DATE: August 23, 2004
SUBJECT: Federal Acquisition Regulation (FAR); Powers of Attorney for Bid Bonds
SOURCE: Federal Register, August 23, 2004, Vol. 69, No. 162, page 51935
AGENCIES: Department of Defense (DOD), General Services Administration (GSA), and National Aeronautics and Space Administration (NASA)
ACTION: Proposed Rule
SYNOPSIS: It is proposed that FAR 28.101-3, Authority of an Attorney-in-Fact for a Bid Bond, be added to establish that a copy of an original power of attorney, when submitted in support of a bid bond, is sufficient evidence of the authority to bind the surety.
DATES: Comments should be submitted on or before October 22, 2004.
ADDRESSES: Submit comments, identified by "FAR Case 2003-029," to: (1) http://www.regulations.gov; (2) http://www.acqnet.gov/far/ProposedRules/proposed.htm; (3) e-mail: firstname.lastname@example.org; (4) fax: 202-501-4067; or (5) mail: General Services Administration, Regulatory Secretariat (MVA), 1800 F Street, NW, Room 4035, ATTN: Laurie Duarte, Washington, DC 20405.
FOR FURTHER INFORMATION CONTACT: Cecelia Davis, 202-219-0202.
SUPPLEMENTAL INFORMATION: Since 1999, a series of Government Accountability Office (GAO) decisions has rejected faxed and photocopied powers of attorney. Then, in All Seasons Construction, Inc., B-291166.2, December 6, 2002, GAO sustained the government's decision to reject a low bidder's power of attorney because the signatures were generated by computer as part of the document. This decision has been interpreted by industry and procuring agencies to require a contracting officer to inspect the power of attorney at bid opening to ascertain that the signatures are original. The requirement for an original power of attorney, combined with the requirement for an original "wet" signature after the generation of the document, has become costly and unworkable for the surety industry.

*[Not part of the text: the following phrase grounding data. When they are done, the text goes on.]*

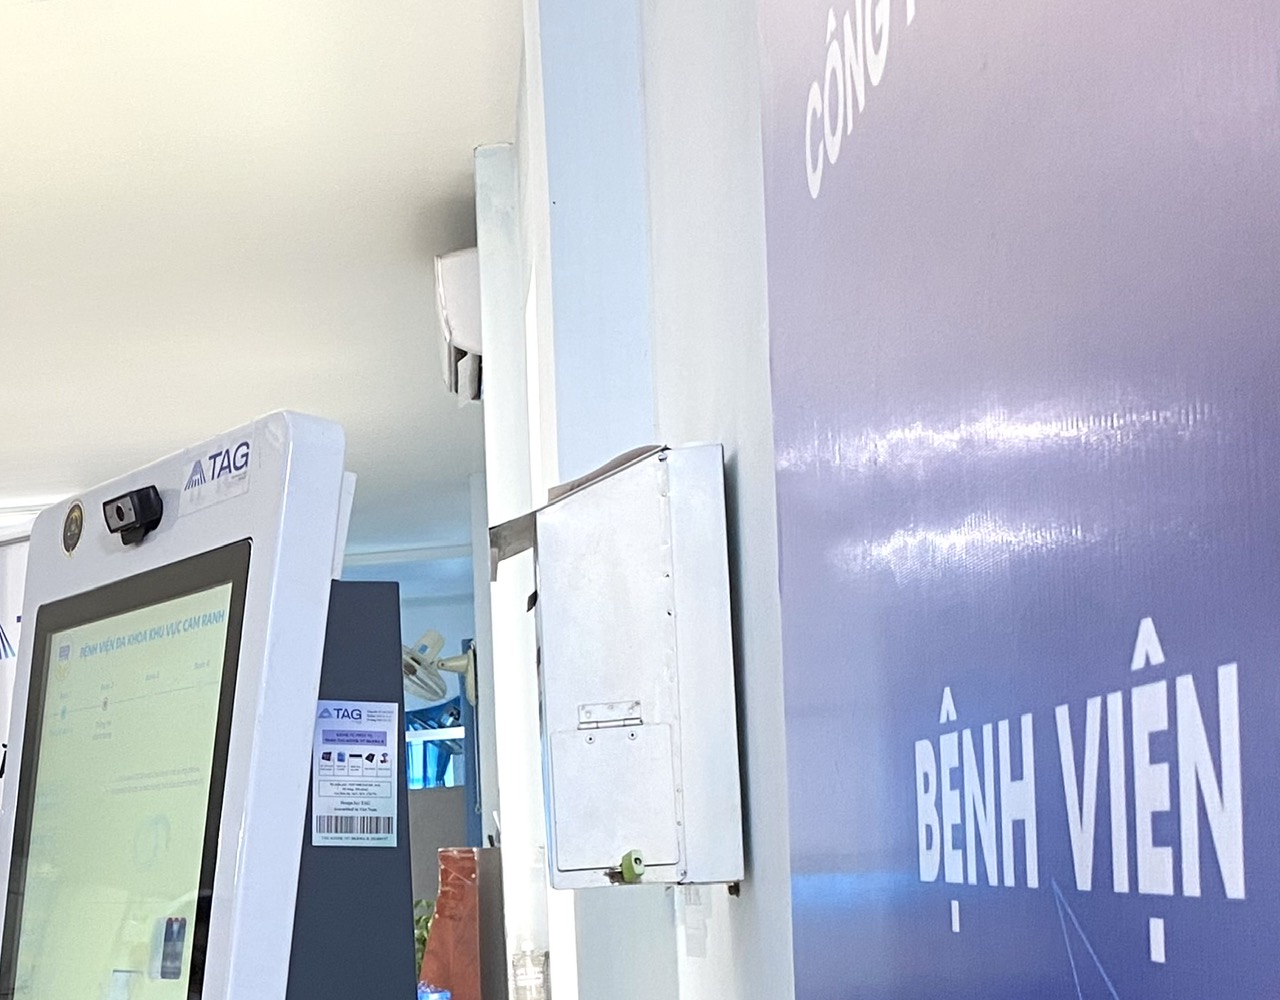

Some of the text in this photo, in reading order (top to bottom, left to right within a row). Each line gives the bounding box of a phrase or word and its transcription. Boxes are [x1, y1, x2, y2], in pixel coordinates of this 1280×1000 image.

[805, 0, 891, 200] CÔNG
[208, 440, 251, 481] TAG
[182, 616, 201, 633] CAM
[201, 609, 226, 628] RANH
[333, 707, 363, 721] TAG
[914, 616, 1247, 964] BỆNH VIỆN

However, on January 9, 2004, the U.S. Court of Federal Claims (COFC), in Hawaiian Dredging Construction Co. v. U.S., No. 03-2763C, ruled against the government's decision to reject a low bidder's power of attorney because the signatures were not original. In this decision, the COFC indicated that the FAR does not require an original signature on the document that serves as evidence of authority to bind the surety. In addition, the COFC held that the contracting officer was unreasonable in relying on GAO's All Seasons to require original signatures and was critical of certain aspects of GAO's reasoning in the decision. The Hawaiian Dredging case has created a division of opinion in the bid protest forums in regards to the standards for acceptability of powers of attorney.

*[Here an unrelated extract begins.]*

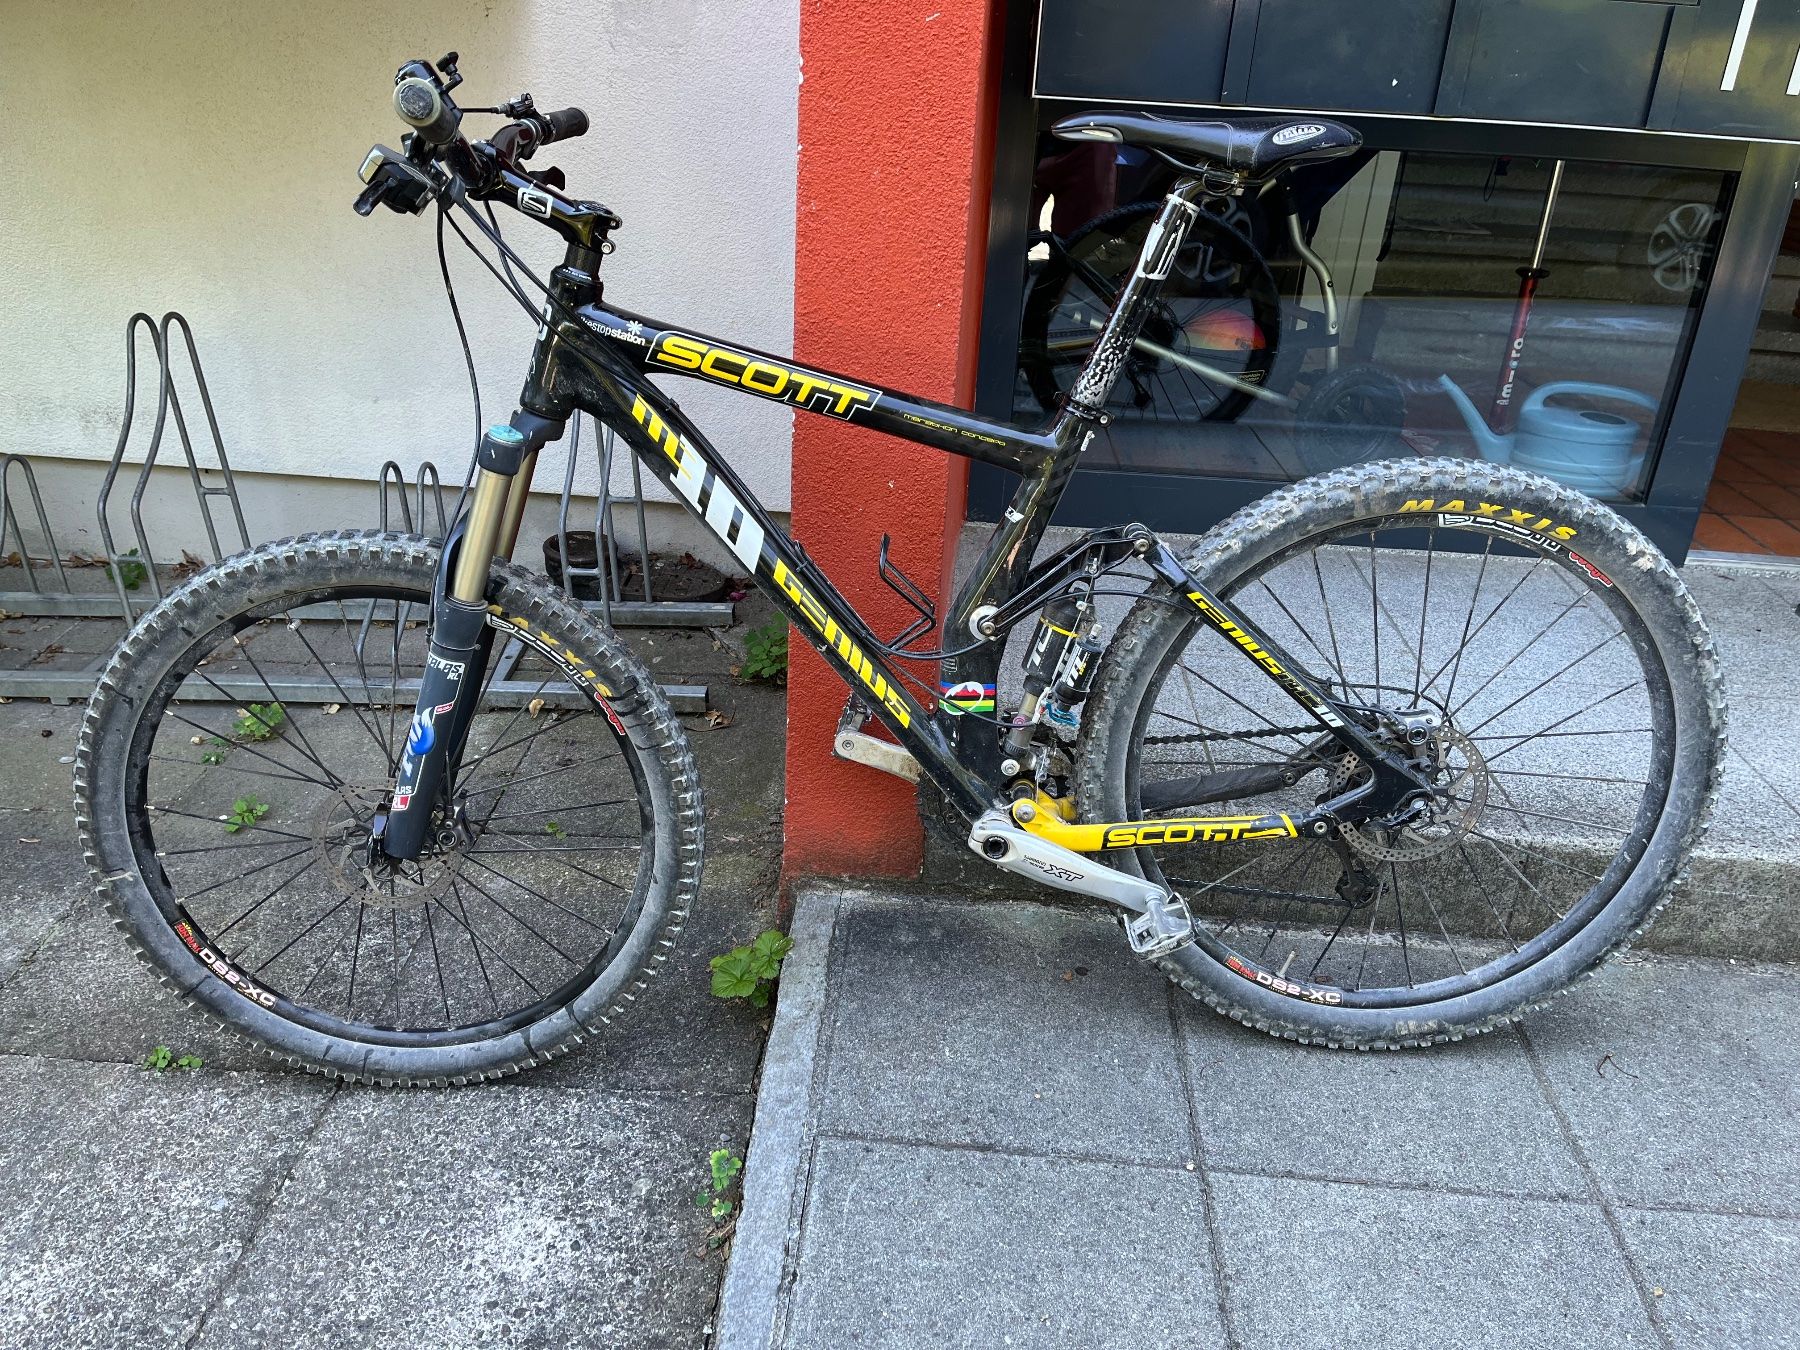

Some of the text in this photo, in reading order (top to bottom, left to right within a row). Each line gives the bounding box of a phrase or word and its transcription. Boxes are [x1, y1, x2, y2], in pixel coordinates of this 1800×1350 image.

This proposed rule would establish clear and uniform standards for powers of attorney accompanying bid bonds that safeguard the integrity of the procurement process but are not unduly onerous to either industry or government. It would allow a copy of an original power of attorney, including a photocopy or facsimile copy, as sufficient evidence of authority for a person signing a bid bond to bind the surety as an attorney-in-fact. While providing the bid bond with evidence of power of attorney would remain a matter of responsiveness, any doubt regarding the authenticity and enforceability of a power of attorney would be handled by the contracting officer after the bid opening as a matter of responsibility. The proposed rule is consistent with commercial practice, decreases the burden on industry, and would give the contracting officer sufficient time to make informed decisions.
The proposed FAR 28.101-3 would be:
"(a) Any person signing a bid bond as an attorney-in-fact shall include with the bid bond evidence of authority to bind the surety.
"(b) An original or photocopy, or facsimile of an original power of attorney is sufficient evidence of such authority.
"(c) The contracting officer shall --"(1) Treat the failure to provide a signed and dated power of attorney at the time of bid opening as a matter of responsiveness; and
"(2) Treat questions regarding the authenticity and enforceability of the power of attorney at the time of bid opening as a matter of responsibility. These questions are handled after bid opening."